Is it too much to suggest that the huge success of Landman – almost 15 million viewers watched the series 2 finale within 48 hours of its release – is, in part at least, responsible for the huge rise in the popularity of pick-up trucks in the UK? Maybe it is, but if you want to drive around feeling that you’re Tommy Norris, there’s no simpler way than to get yourself one.
According to figures from the Department of Transport, there are now almost 600,000 pick-up trucks on the roads of Britain, a figure that has almost doubled in the past decade. Many of these are used for pleasure not purpose, and have changed the character of our streets. They are oversized, overbearing and over here. So forget about looking as cool as Tommy Norris: this is an American import that is as damaging for our environment as the arrival of McDonald’s on our shores was for the healthy eating habits of the nation.

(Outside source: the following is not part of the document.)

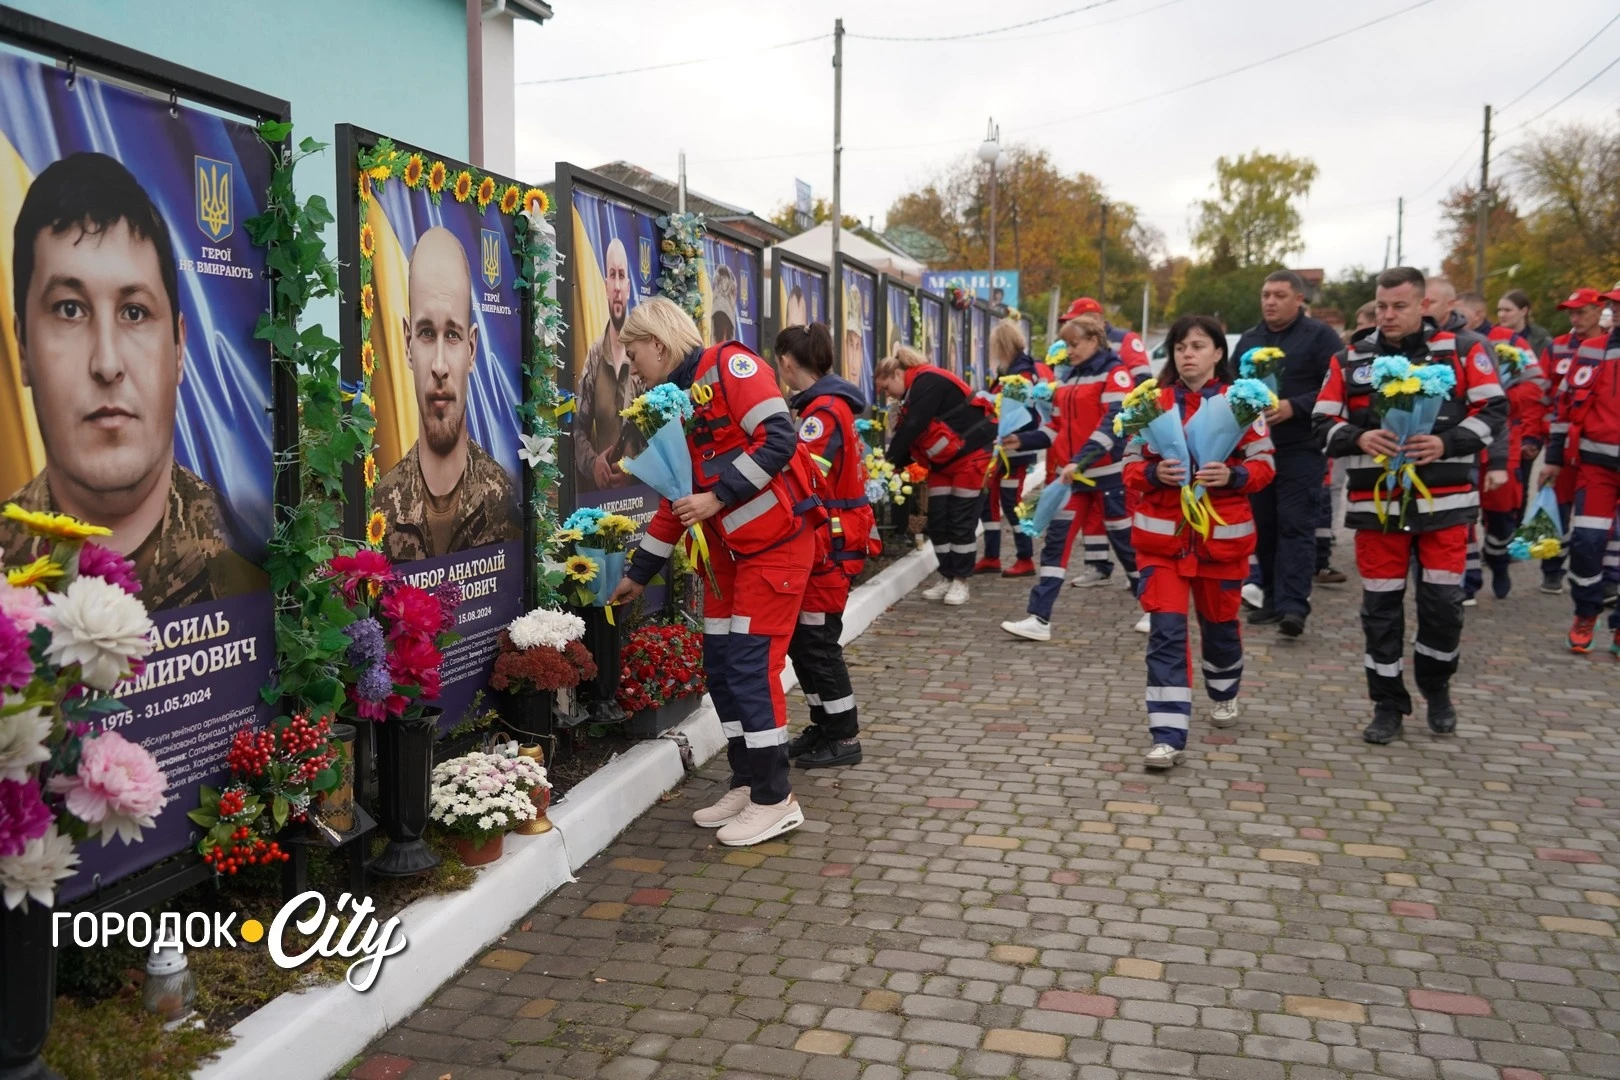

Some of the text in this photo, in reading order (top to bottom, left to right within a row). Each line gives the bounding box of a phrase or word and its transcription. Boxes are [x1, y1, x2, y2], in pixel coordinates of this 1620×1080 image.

“This boom in US-style pickup trucks is lifestyle over practicality in exchange for parking mayhem and dangerous roads,” said Oliver Lord, the UK head of Clean Cities, a pan-European environmental campaign group. “City leaders must act to discourage these menacing vehicles from our streets.”

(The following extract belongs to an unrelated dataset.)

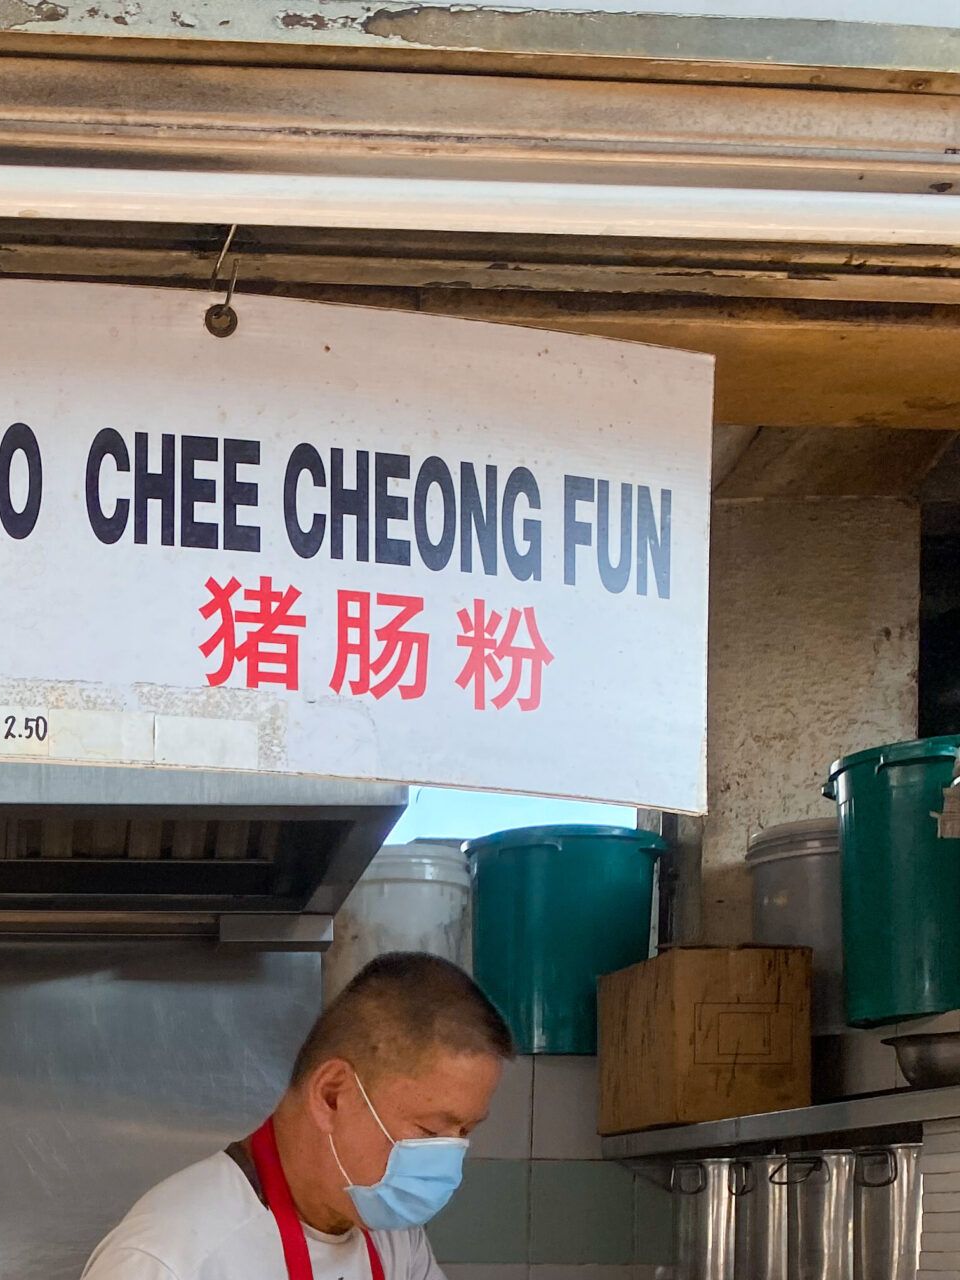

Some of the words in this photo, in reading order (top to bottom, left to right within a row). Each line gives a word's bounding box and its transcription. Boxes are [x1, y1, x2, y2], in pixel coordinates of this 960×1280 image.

[85, 427, 261, 553] CHEE
[283, 443, 542, 582] CHEONG
[563, 474, 672, 600] FUN
[198, 575, 555, 712] 猪肠粉

Meanwhile, What Car magazine, the authoritative source for advice on buying your new motor, says that a pick-up is “ideal for being used and abused in so many settings” and “comfortable seats, decent technology, a car-like driving experience and smart looks means they’re often used as a family car as well as a work vehicle”.
In addition, said What Car, there is a financial benefit to the owning of a pick-up. Even used for private purposes, certain models bought prior to April 2025 can often accrue the tax advantages of commercial vehicles, which means lower benefit-in-kind rates and, in some cases, the opportunity to offset running expenses.
For those vehicles, this adds up to a counterintuitive subsidy for heavier, more polluting cars. As well as being in contrast to other major European countries, this undermines both a sense of fairness to other road-users and our environmental objectives.
This is not a blast against American cultural colonialism, but more a plea for central government to take notice of a fundamental and, by most measures, damaging change in the nature of our urban landscape. Britain’s town and cities were not designed for the likes of the Ford Ranger, the UK’s best-selling pick-up truck, which is 5.3 metres long and weighs more than two tonnes.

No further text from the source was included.